“In addition to more EU funding for cardiovascular research, my idea is to remember our European roots and foster greater collaborations across the continent,” he says. “I want to encourage joint projects across European countries, regardless of their economic wealth. Rich countries can do so much to help poorer countries in terms of designing educational programmes and tools, and facilitating research networks.”
The ESC, he adds, should also work to develop activities in partnership with other disciplines, including general practitice, nursing the European Society of Hypertension, European Society of Nuclear Cardiology and radiology.

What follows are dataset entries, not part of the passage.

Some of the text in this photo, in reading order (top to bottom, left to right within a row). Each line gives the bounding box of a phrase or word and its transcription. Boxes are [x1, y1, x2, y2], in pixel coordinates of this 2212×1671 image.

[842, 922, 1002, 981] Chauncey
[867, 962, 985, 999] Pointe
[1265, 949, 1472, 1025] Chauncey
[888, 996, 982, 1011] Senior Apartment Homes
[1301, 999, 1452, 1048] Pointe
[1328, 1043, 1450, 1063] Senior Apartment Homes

Komajda, who has spent the majority of his career at the Pitié Salpetrière Hospital in Paris, where he has risen through the ranks from lecturer to head of the Cardiovascular and Surgical Departments, will become ESC President in 2010. His previous ESC roles, which include chairing the Working Group on Heart Failure (2000-2002) and the Congress Programme Committees for Stockholm 2005 and Barcelona WCC 2006, give him an insider's knowledge of the organisation.
In his term of office, Komajda also wants to strengthen links between the ESC Board and National Societies. “With such a big structure to the ESC, which is composed of 51 National Societies, 19 Working Groups, five Associations and five Councils, there is a danger the organisation could become a bit anonymous," he says. "I would like to introduce a personal touch, providing the opportunity for more interaction between the leadership and different bodies."

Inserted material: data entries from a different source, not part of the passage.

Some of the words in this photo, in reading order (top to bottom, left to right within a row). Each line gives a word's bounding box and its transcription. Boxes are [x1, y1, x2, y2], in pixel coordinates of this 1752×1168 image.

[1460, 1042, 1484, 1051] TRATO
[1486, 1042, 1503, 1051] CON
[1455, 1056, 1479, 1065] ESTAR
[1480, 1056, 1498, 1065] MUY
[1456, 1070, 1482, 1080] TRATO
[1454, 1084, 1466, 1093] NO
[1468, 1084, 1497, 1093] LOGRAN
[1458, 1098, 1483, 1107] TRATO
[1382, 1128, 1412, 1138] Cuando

Komajda's research interests have focussed on the genetics of dilated and hypertrophic cardiomyopathy, with a view to offering genetic analysis for families with the condition. The diagnosis and treatment of heart failure has been another prominent theme in his career. As one of the principal investigators on the EUROGENE Heart Failure Project, he has facilitated a European network of nine different centres from seven countries, which have enrolled 3000 patients with a view to identifying the genes involved in heart failure. “Here we hope to identify modifier genes that influence the clinical presentation and prognostic stratification of heart failure,” he explains, adding that the project should eventually allow identification of patients requiring intensive follow-up and care.
Komajda's time as President of the French Society of Cardiology (2002-4) gave him a foretaste of what it will be like to steer the ESC. “I really enjoyed the opportunity to meet lots of different people whom I wouldn't have met in my day-to-day work as a cardiologist," he says. "Such contacts have allowed me to look at issues from a different perspective, and taught me how to negotiate."
The first stamp of Komajda's leadership is that Paris, his home city where he lives with his wife and daughter, has been put firmly on the ESC Congress circuit by hosting the ESC Congress 2011. The scale of the meeting presided over by Komajda is likely to be in sharp contract to the last Paris meeting, held back in 1980, when just 800 participants attended.